# RECORDS SUPPLIED
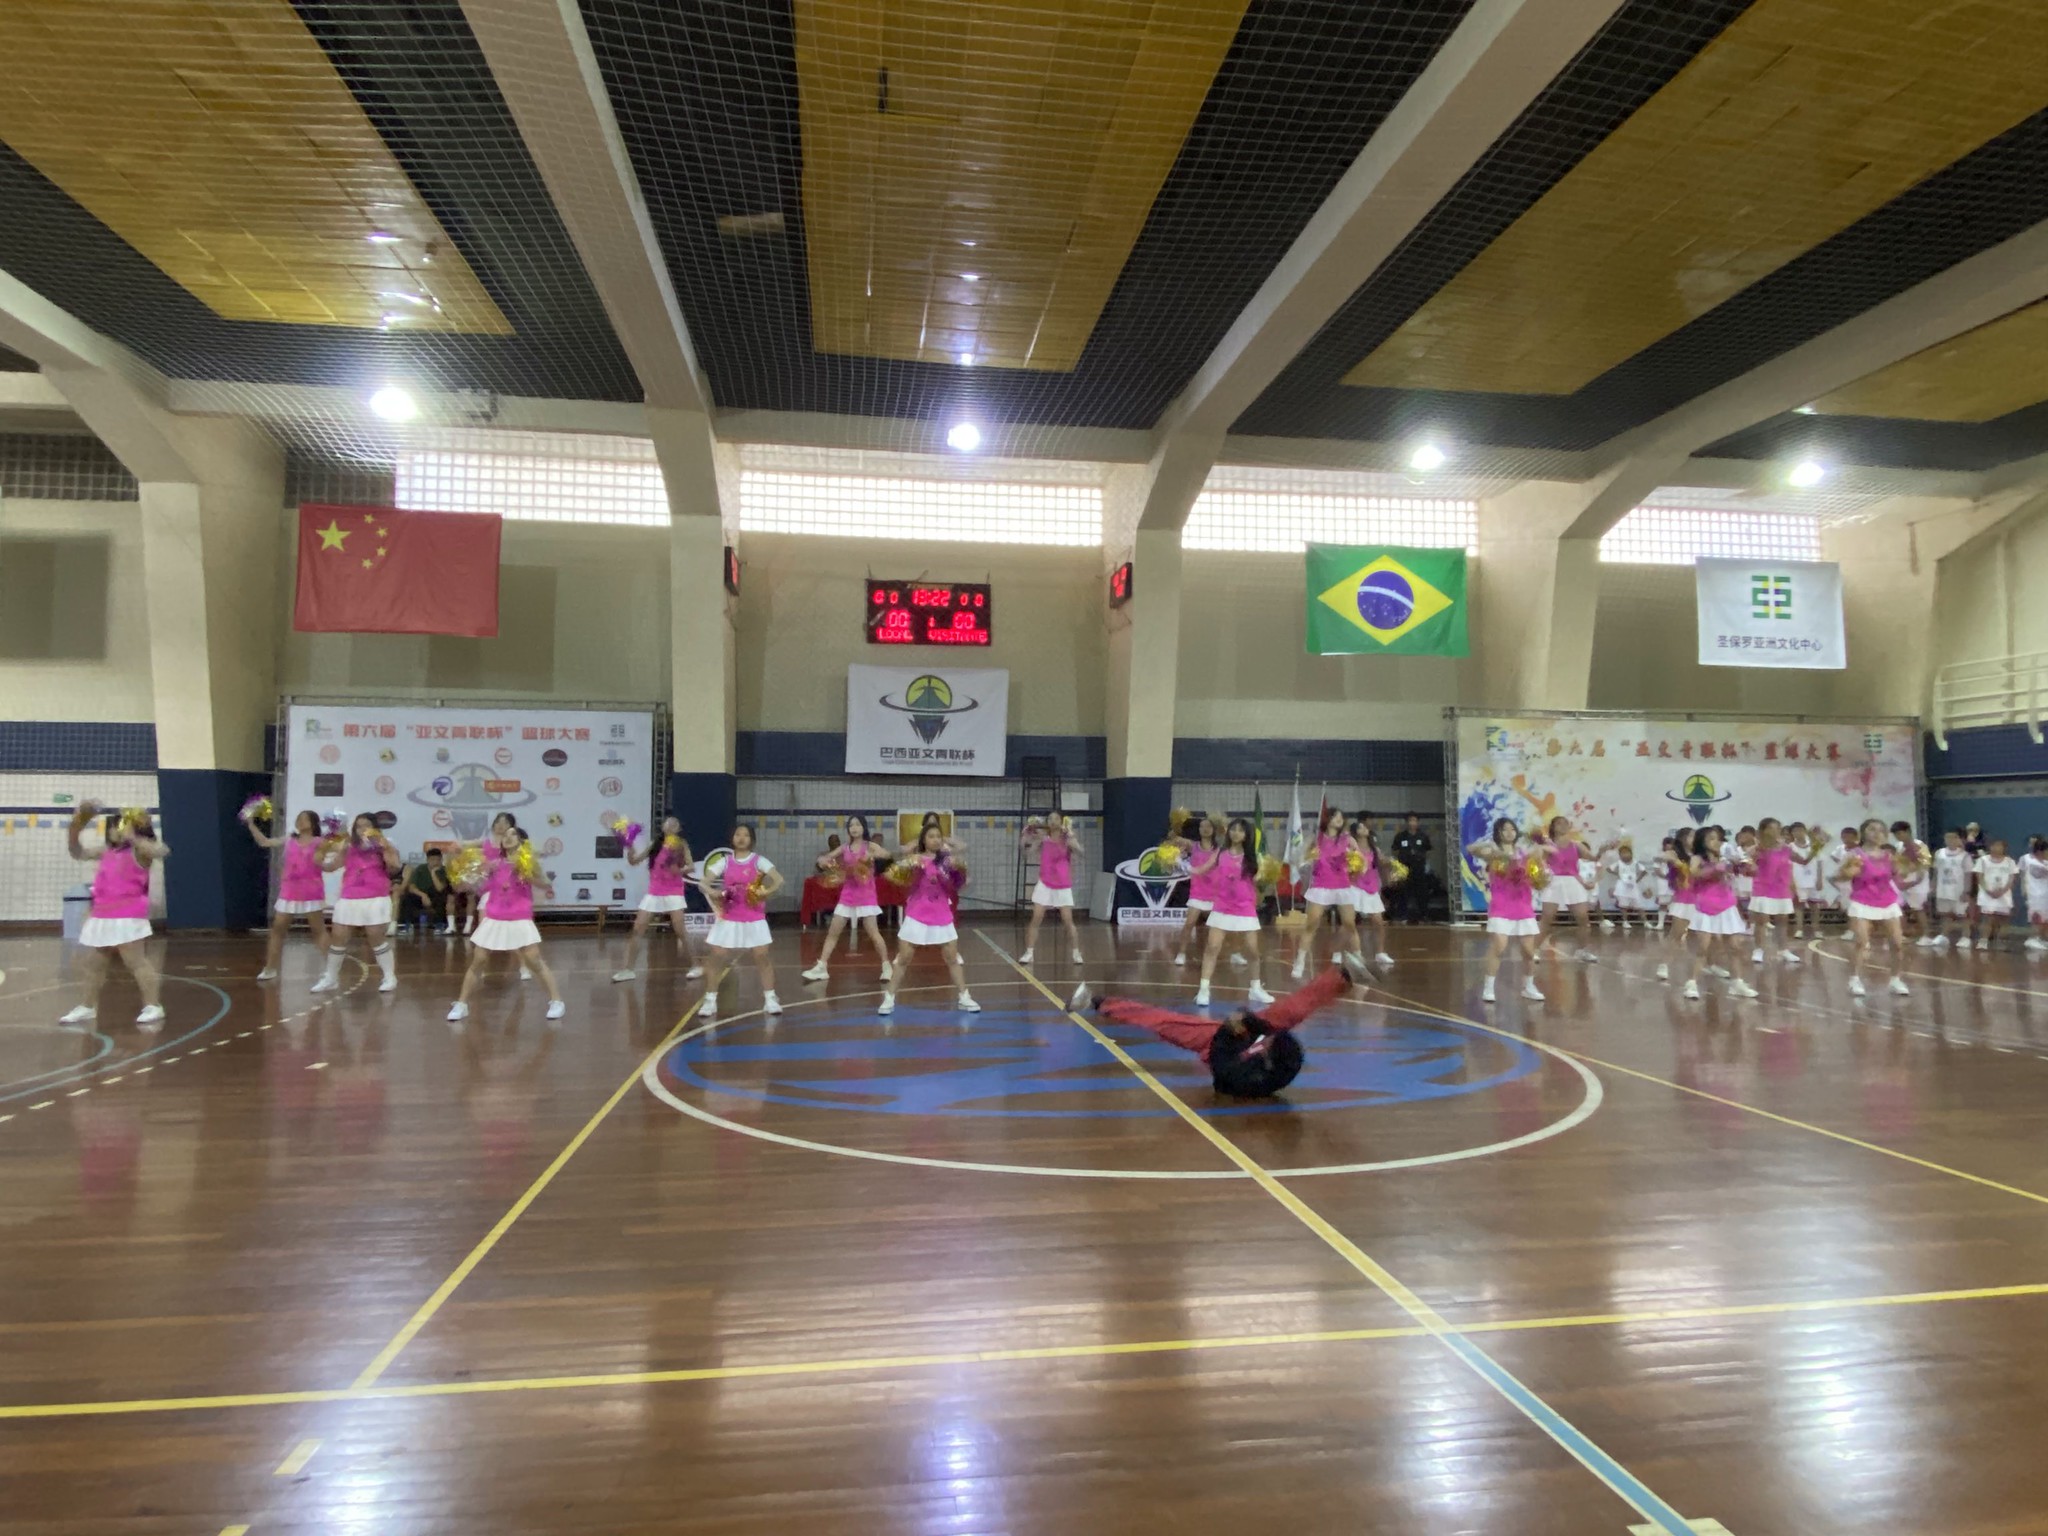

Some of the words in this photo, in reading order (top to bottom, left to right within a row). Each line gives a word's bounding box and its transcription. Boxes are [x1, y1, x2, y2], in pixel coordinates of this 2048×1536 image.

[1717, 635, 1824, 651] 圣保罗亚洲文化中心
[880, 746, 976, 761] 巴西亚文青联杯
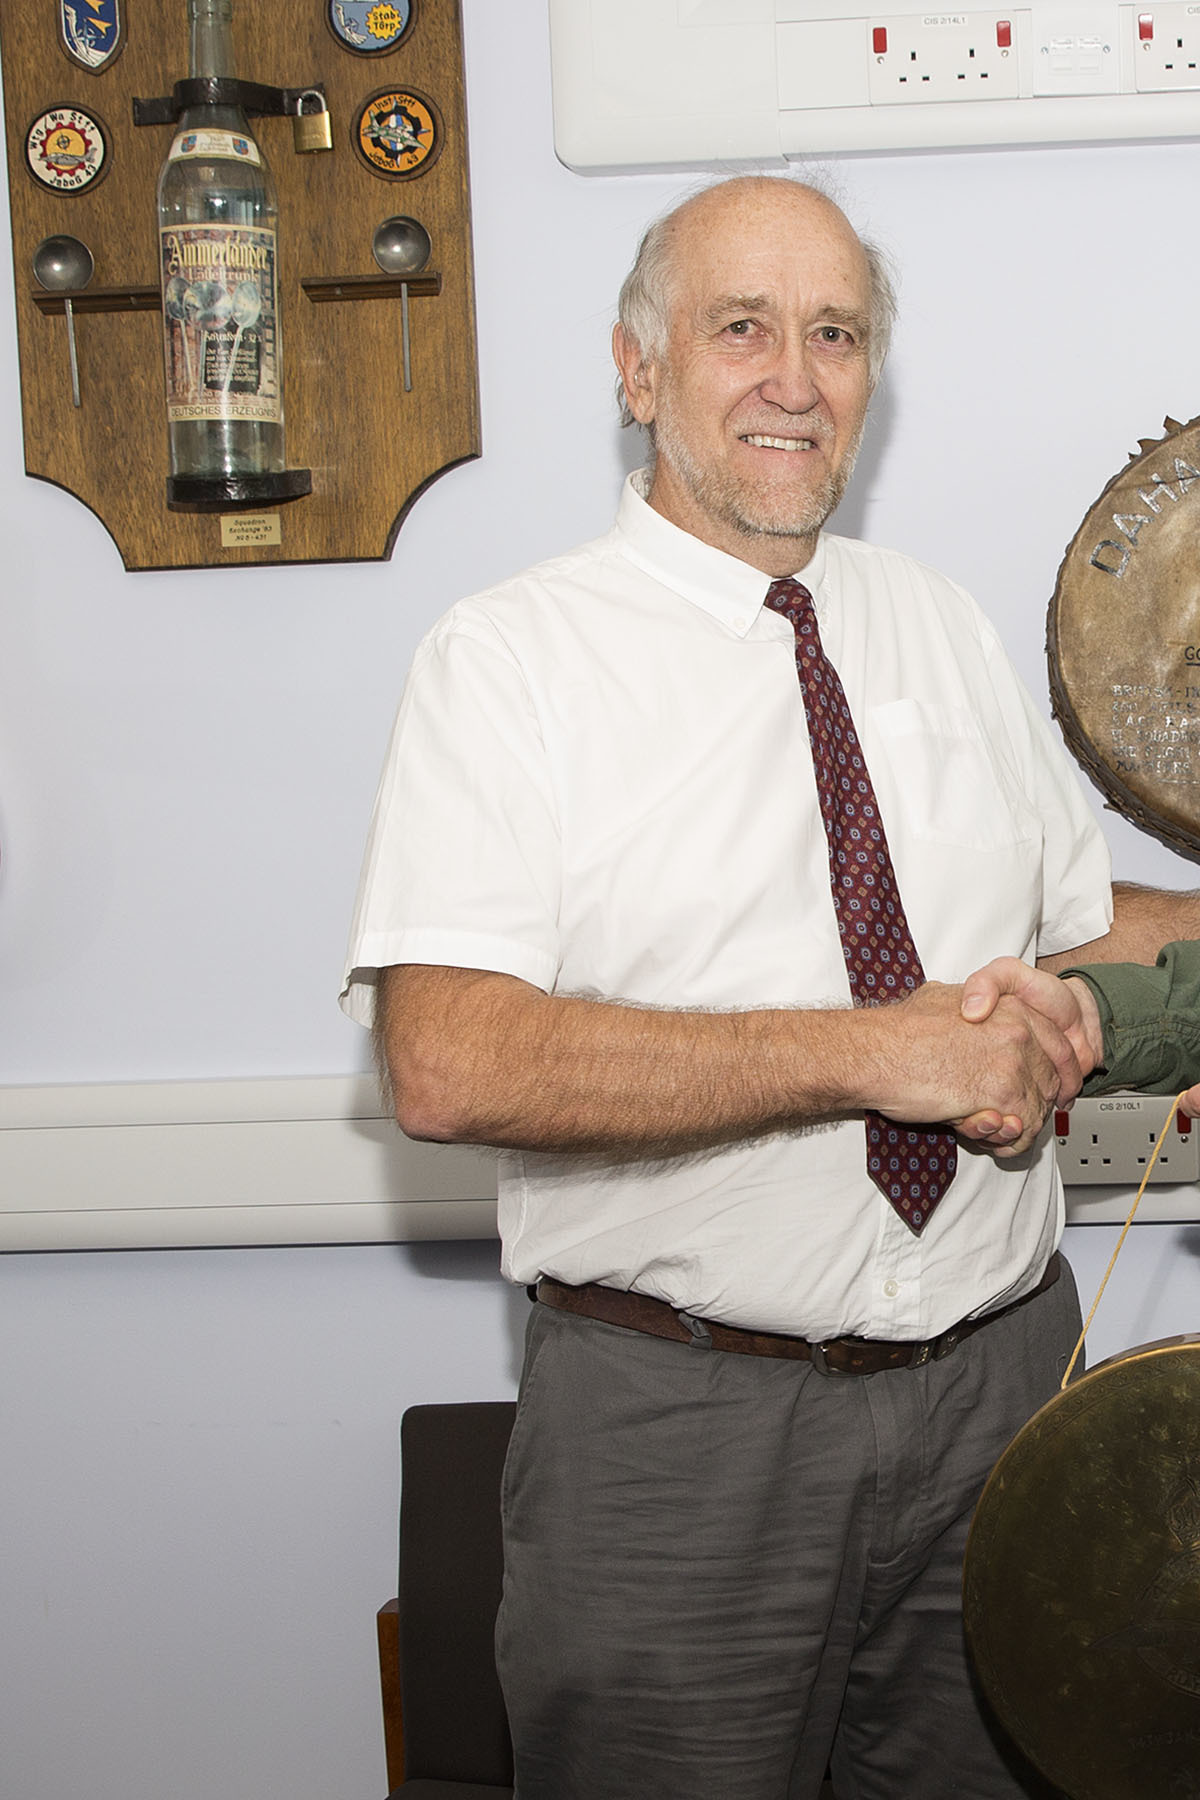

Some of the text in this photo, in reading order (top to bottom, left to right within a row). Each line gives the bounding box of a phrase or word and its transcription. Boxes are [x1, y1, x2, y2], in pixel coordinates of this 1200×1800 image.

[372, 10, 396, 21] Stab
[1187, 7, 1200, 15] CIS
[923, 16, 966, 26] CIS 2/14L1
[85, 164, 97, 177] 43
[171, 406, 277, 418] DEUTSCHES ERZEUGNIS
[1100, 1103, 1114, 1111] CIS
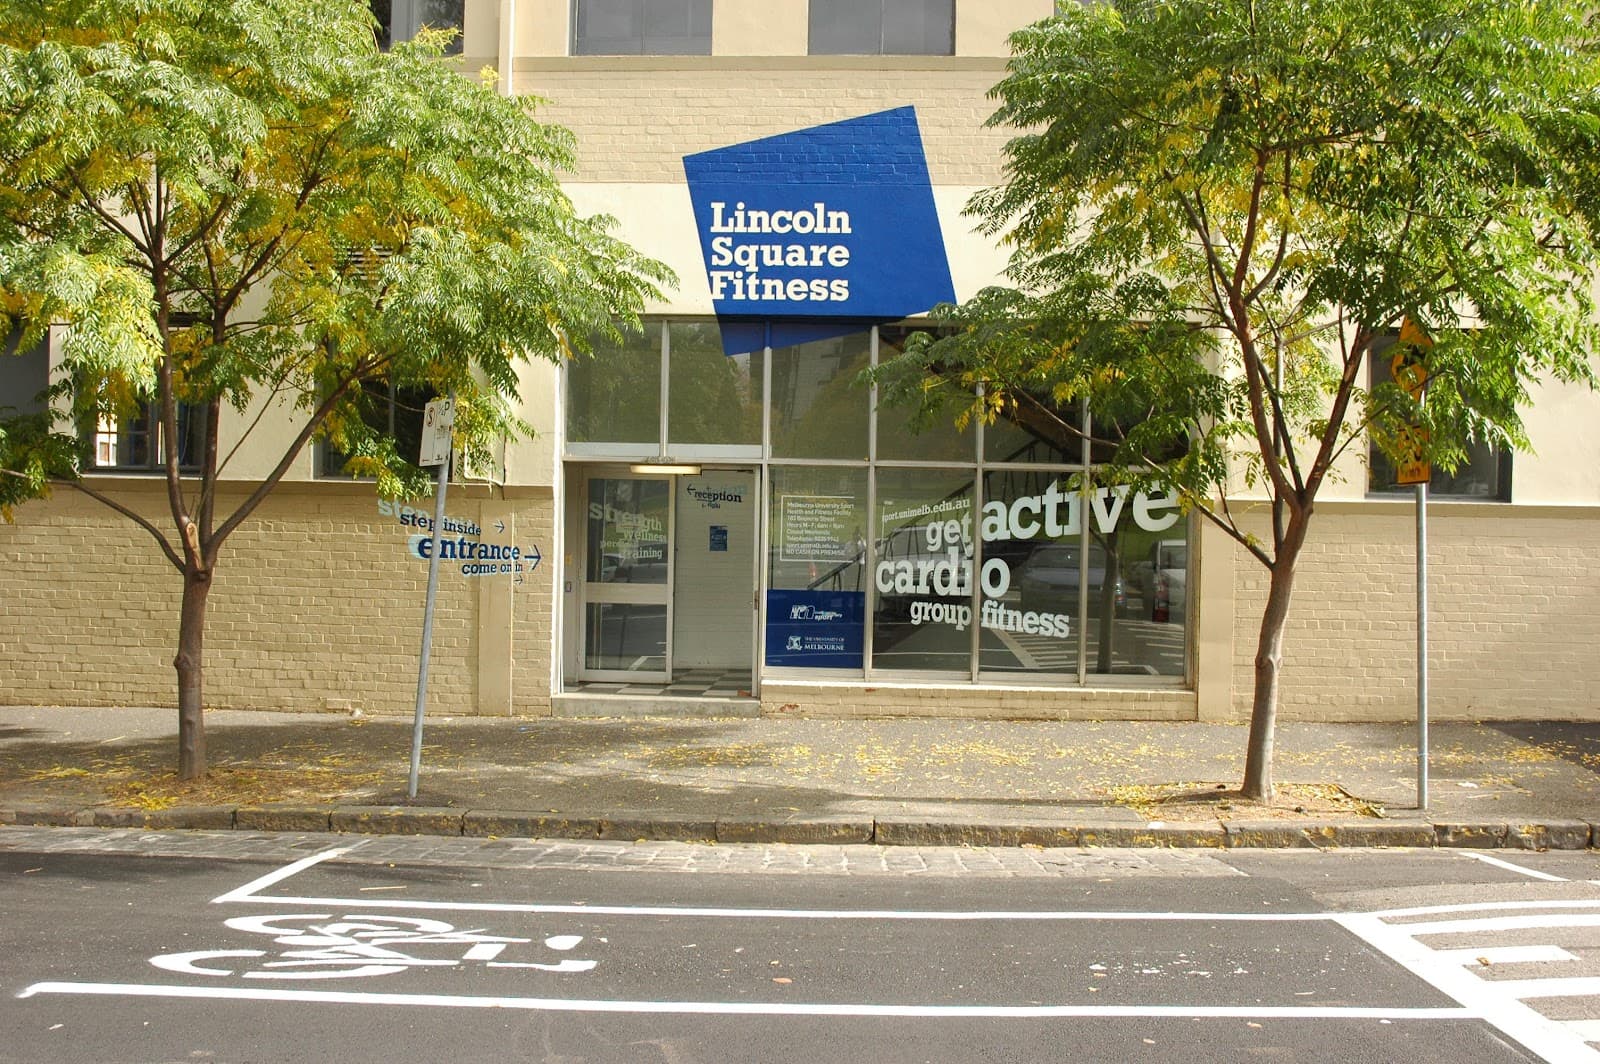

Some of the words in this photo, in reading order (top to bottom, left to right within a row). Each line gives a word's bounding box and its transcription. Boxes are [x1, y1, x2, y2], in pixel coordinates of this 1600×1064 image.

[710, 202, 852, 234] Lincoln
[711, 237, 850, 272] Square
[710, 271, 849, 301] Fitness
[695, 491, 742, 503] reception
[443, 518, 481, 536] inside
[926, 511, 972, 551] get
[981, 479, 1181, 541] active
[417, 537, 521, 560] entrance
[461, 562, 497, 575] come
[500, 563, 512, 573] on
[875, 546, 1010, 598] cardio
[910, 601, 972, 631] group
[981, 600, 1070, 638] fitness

# AIM OF THE TASK
Everything in the material above must be repeated exactly, apart from its pictures.

# REPLY
Some of the words in this photo, in reading order (top to bottom, left to right within a row). Each line gives a word's bounding box and its transcription. Boxes are [x1, y1, x2, y2], in pixel coordinates of this 2048×1536 image.

[1717, 635, 1824, 651] 圣保罗亚洲文化中心
[880, 746, 976, 761] 巴西亚文青联杯

Some of the text in this photo, in reading order (top to bottom, left to right within a row). Each line gives the bounding box of a phrase or word and its transcription. Boxes are [x1, y1, x2, y2], in pixel coordinates of this 1200×1800 image.

[372, 10, 396, 21] Stab
[1187, 7, 1200, 15] CIS
[923, 16, 966, 26] CIS 2/14L1
[85, 164, 97, 177] 43
[171, 406, 277, 418] DEUTSCHES ERZEUGNIS
[1100, 1103, 1114, 1111] CIS

Some of the words in this photo, in reading order (top to bottom, left to right within a row). Each line gives a word's bounding box and its transcription. Boxes are [x1, y1, x2, y2], in pixel coordinates of this 1600×1064 image.

[710, 202, 852, 234] Lincoln
[711, 237, 850, 272] Square
[710, 271, 849, 301] Fitness
[695, 491, 742, 503] reception
[443, 518, 481, 536] inside
[926, 511, 972, 551] get
[981, 479, 1181, 541] active
[417, 537, 521, 560] entrance
[461, 562, 497, 575] come
[500, 563, 512, 573] on
[875, 546, 1010, 598] cardio
[910, 601, 972, 631] group
[981, 600, 1070, 638] fitness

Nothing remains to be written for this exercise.